We’ve been hearing a lot about generative AI and the amazingly useful content that it can produce. But while it’s easy to get wooed by the impressive content AIs can already output, it’s crucial that we also keep an eye on the problems they bring.
For starters, there’s the matter of copyright legality and ethics — the data AI was trained on was produced by someone, how are they repaid? Spoiler alert: almost no content creator is getting compensated. There’s also the matter of factuality and how AI tends to make a lot of stuff up with the utmost confidence; and then, there are the biases.
Machines Learning From Us
Any AI algorithm can only be as good as the data it is trained on. It’s a bit like making wine. No matter how good your process is, if the grapes are bad, the wine’s gonna be bad too. You can improve or change the quality of the grapes, but you can never really take it out.
The same thing goes for training an AI. Society is riddled with biases. Datasets (be it books, images, or any type of data) are also unlikely to be free of biases. So can artificial intelligence then also possess biases?
AI learns from data, and if that data comes tinted with human bias, the AI will adopt it. Let’s take another analogy: consider a sponge soaking up water from a puddle. If the puddle’s dirty, the sponge isn’t absorbing pure water.
Imagine a photo recognition tool trained primarily on photos of light-skinned individuals. Chances are, it might struggle to identify darker-skinned folks. This is not just a random example, it’s exactly what’s happening with algorithms at the moment. Many AI tools have shown biases against certain genders, races, and other groups because they were trained on limited or biased data sets.
Most of the time, it’s not because the underlying AI algorithm is inherently biased (although algorithms can also exacerbate existing biases). It’s because its learning material was skewed. This happens in all forms of media. For instance, research on AI in gaming has shown that biases are prevalent there as well. Even ChatGPT, the poster child of generative AI, displays various biases.
Multiple types of bias
So the data can be biased. But that’s not the only process through which humans can “leak” biases into algorithms.
Bots like ChatGPT are “taught” with the aid of a technique called reinforcement learning with human feedback.

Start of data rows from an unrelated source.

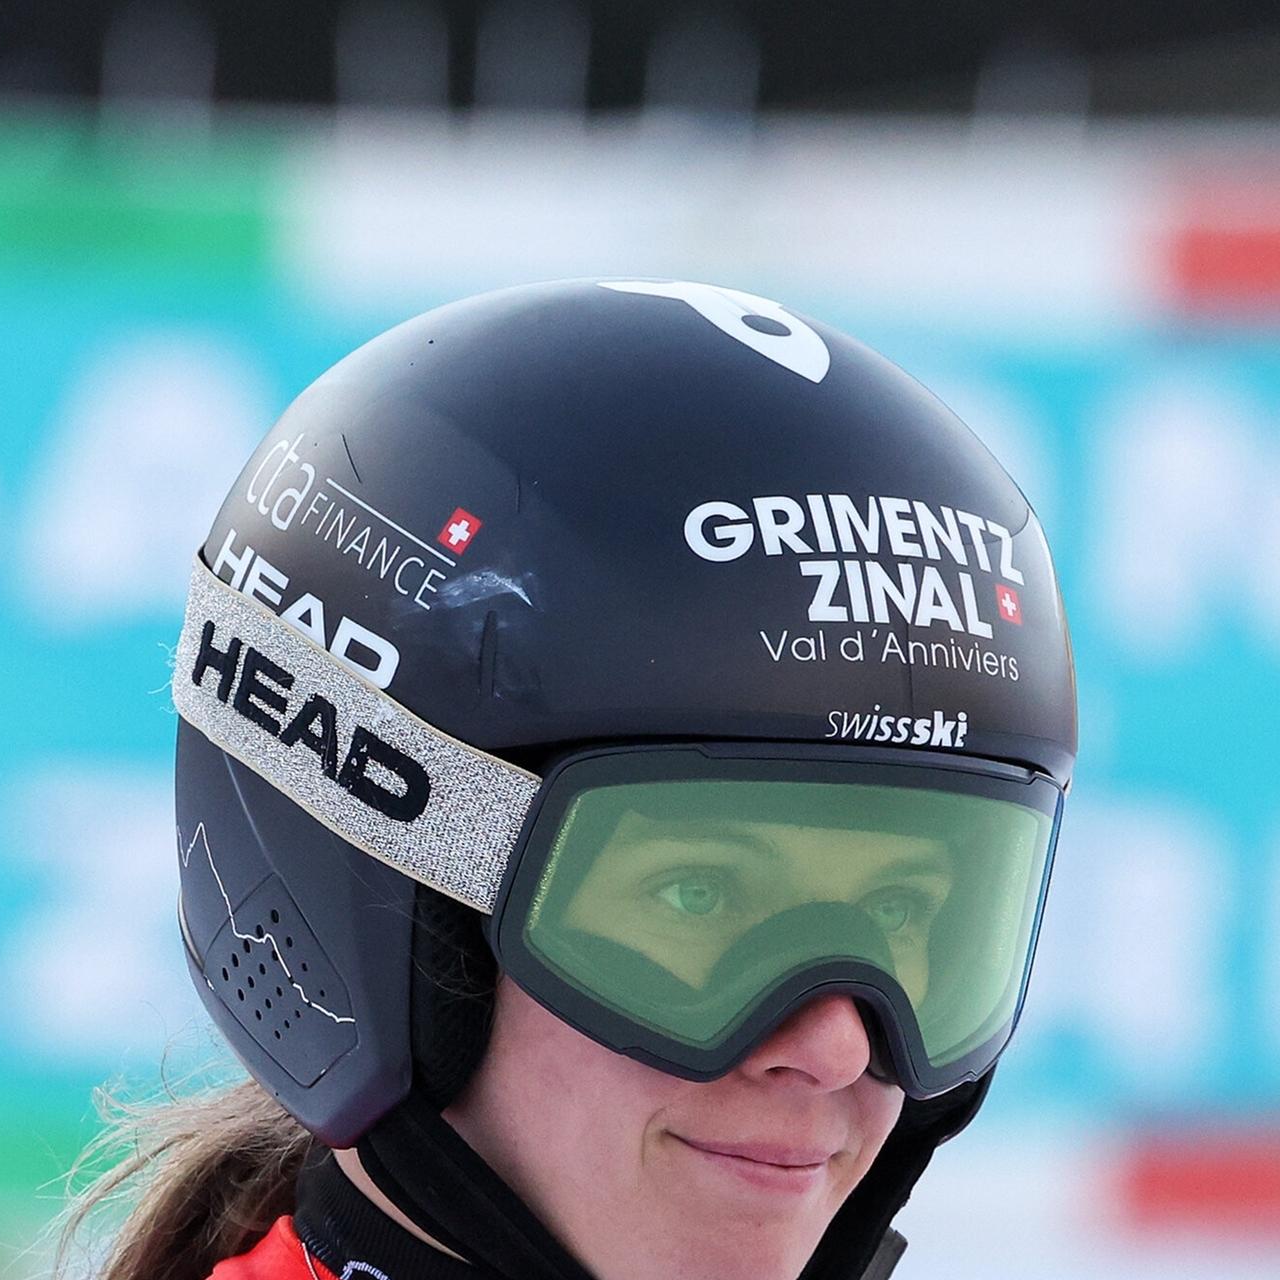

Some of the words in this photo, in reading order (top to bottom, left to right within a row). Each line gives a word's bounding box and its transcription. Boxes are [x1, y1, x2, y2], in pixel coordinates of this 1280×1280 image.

[246, 433, 315, 531] cta
[301, 491, 446, 611] FINANCE
[684, 494, 1024, 586] GRIMENTZ
[212, 528, 400, 690] HEAD
[759, 630, 826, 661] Val
[799, 560, 993, 639] ZINAL
[192, 620, 431, 823] HEAD
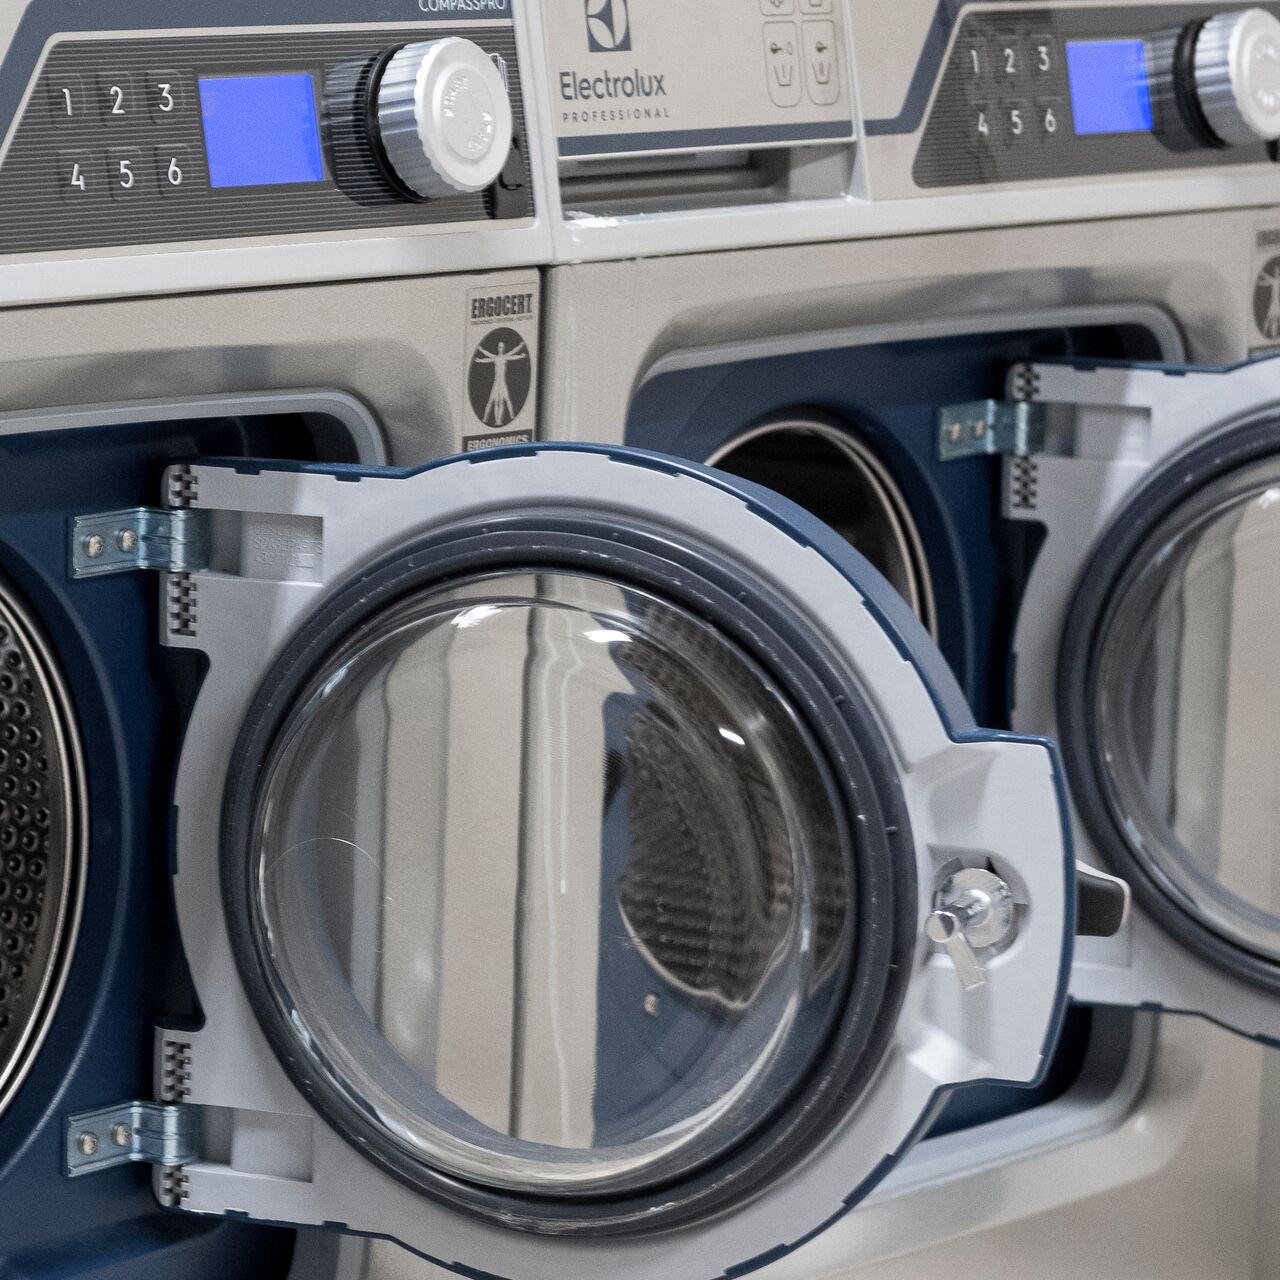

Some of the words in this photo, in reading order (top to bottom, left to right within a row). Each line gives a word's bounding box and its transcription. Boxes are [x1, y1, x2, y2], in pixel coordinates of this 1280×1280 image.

[970, 49, 979, 74] 1
[1003, 47, 1016, 73] 2
[1037, 45, 1050, 71] 3
[559, 68, 667, 100] Electrolux
[61, 88, 73, 116] 1
[109, 86, 126, 114] 2
[157, 83, 175, 112] 3
[562, 107, 670, 123] PROFESSIONAL
[977, 111, 989, 136] 4
[1010, 109, 1024, 135] 5
[1044, 107, 1057, 133] 6
[70, 163, 86, 191] 4
[119, 160, 135, 189] 5
[167, 157, 183, 185] 6
[471, 293, 533, 319] ERGOCERT

This technique is a bit like training a dog: you give the algorithm “treats” when it does well, and when it does something you don’t want it to do, you tell it off. It’s a way of shaping behavior by having human supervisors help the algorithm, particularly when it comes to interpreting complex topics.
This process is immensely impactful for the AI. In fact, in a recent podcast, OpenAI CEO Sam Altman said this is the bias that concerns him the most.

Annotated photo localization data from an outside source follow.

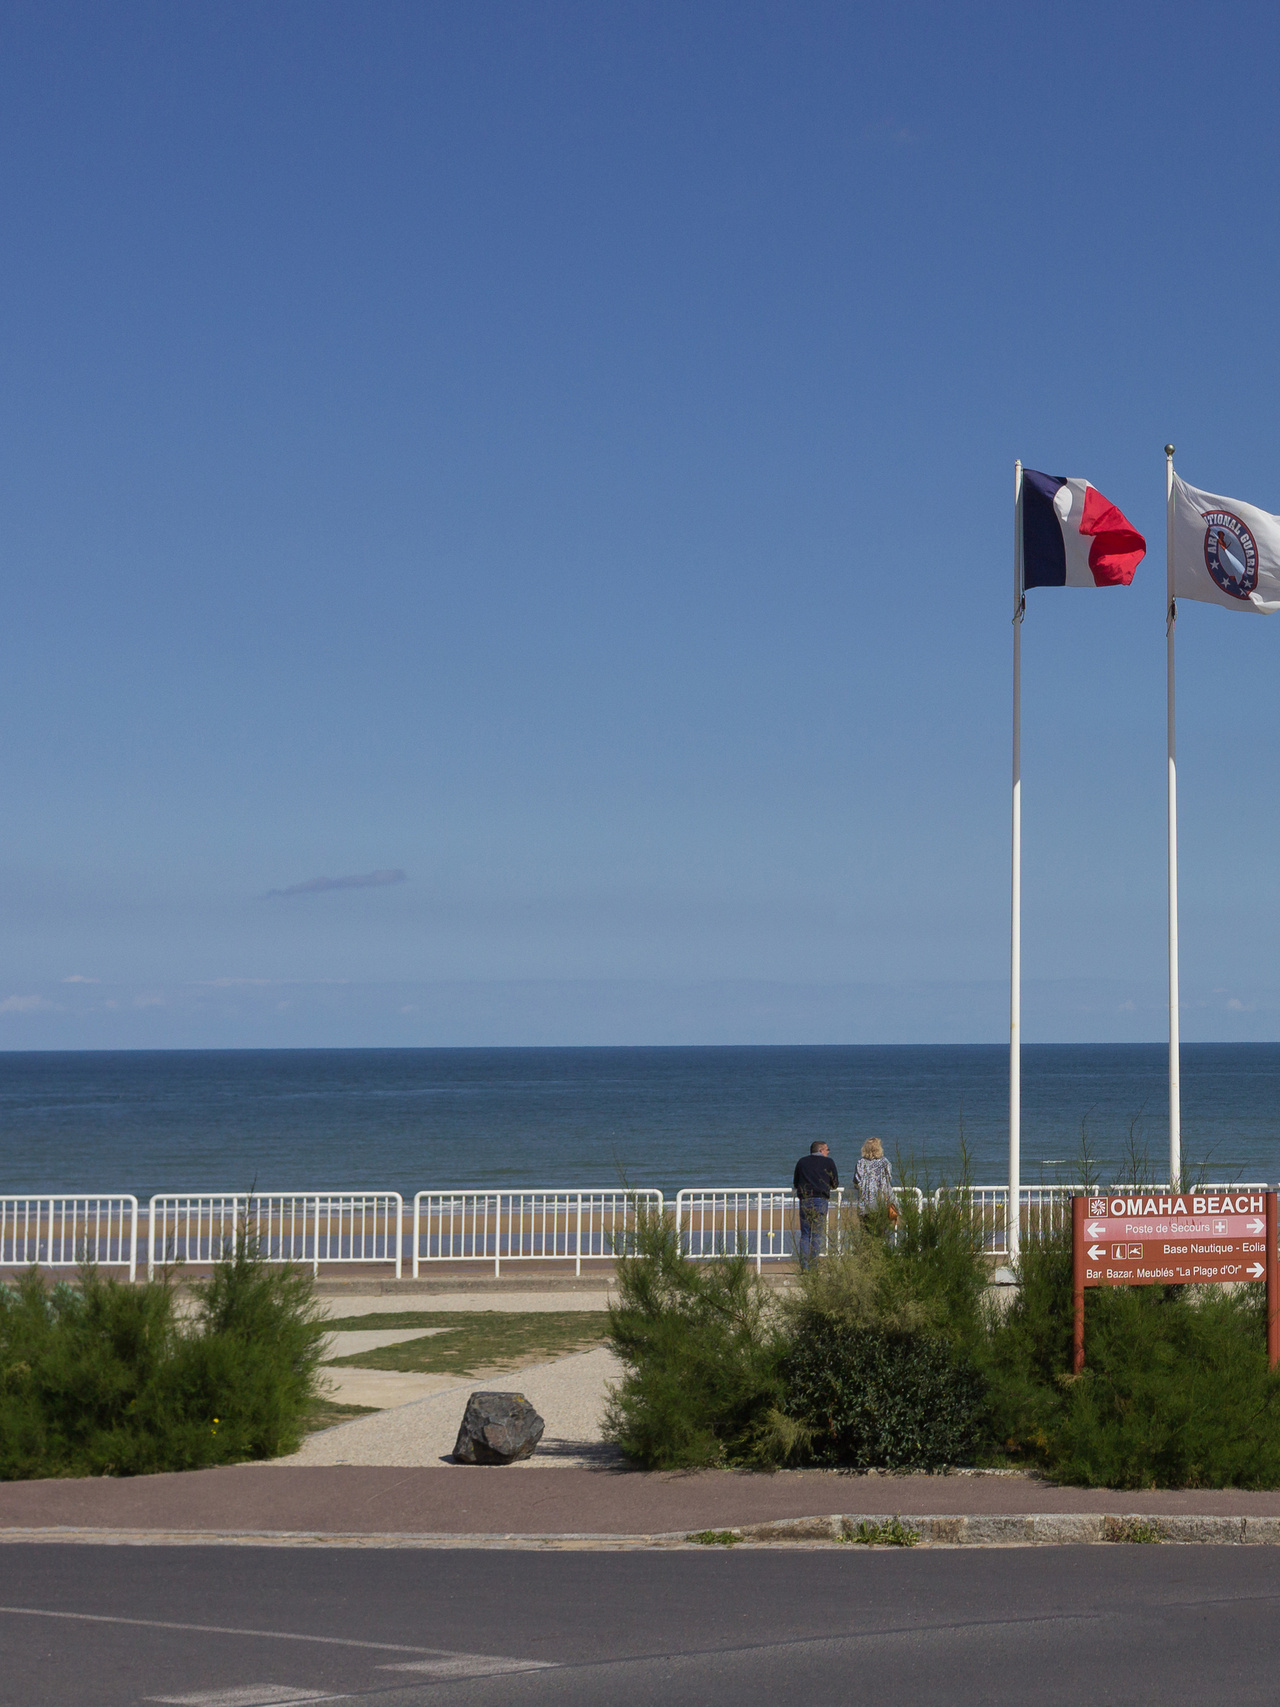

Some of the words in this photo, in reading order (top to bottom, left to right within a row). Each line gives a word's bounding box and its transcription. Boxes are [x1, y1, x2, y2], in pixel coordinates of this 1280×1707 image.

[1240, 534, 1256, 575] GUARD
[1110, 1198, 1187, 1216] OMAHA
[1193, 1196, 1263, 1214] BEACH
[1125, 1224, 1153, 1234] Poste
[1156, 1224, 1168, 1233] de
[1170, 1223, 1210, 1232] Secours
[1163, 1244, 1187, 1254] Base
[1191, 1244, 1233, 1255] Nautique
[1243, 1243, 1266, 1252] Eolia
[1086, 1269, 1103, 1279] Bar.
[1107, 1269, 1134, 1278] Bazar.
[1137, 1268, 1174, 1277] Meublés
[1176, 1267, 1190, 1277] "La
[1193, 1266, 1218, 1276] Plage
[1220, 1265, 1242, 1274] d'Or"

“The bias I’m most nervous about is the bias of the human feedback raters.” When asked, “Is there something to be said about the employees of a company affecting the bias of the system?” Altman responded by saying, “One hundred percent,” noting the importance of avoiding the “groupthink” bubbles in San Francisco (where OpenAI is based) and in the field of AI.

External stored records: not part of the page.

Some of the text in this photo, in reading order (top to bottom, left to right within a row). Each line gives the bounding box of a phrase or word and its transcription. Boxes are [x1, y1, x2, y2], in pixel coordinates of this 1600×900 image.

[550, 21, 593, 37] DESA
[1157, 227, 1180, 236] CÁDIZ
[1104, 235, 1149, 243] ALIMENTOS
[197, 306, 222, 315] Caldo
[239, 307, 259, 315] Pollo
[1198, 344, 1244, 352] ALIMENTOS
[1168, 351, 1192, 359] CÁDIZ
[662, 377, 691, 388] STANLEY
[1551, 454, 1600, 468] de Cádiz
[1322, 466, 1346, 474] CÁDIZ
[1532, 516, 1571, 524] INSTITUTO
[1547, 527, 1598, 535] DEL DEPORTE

Other algorithms are trained with different methods. Some are less vulnerable to biases at this stage. Even algorithms that are indeed less vulnerable to biases can fall prey to tunnel vision, essentially producing a similar type of output at the cost of diversity and variety.
“We are essentially projecting a single worldview out into the world, instead of representing diverse kinds of cultures or visual identities,” said Sasha Luccioni, a research scientist at AI startup Hugging Face who co-authored a study of bias in text-to-image generative AI models.
Tackling bias in AI
You might think, “So, a software bot gets it wrong once in a while. Big deal?” But it’s not as simple as an occasional error. These biases can lead to critical issues. Imagine an AI system in hiring that prefers male candidates over female ones because it was trained on past hiring data dominated by male successes. Or consider a loan application algorithm that discriminates based on an applicant’s ethnicity due to historical lending data. The stakes, as you can see, are high — and the more we come to rely on algorithms, the higher they get.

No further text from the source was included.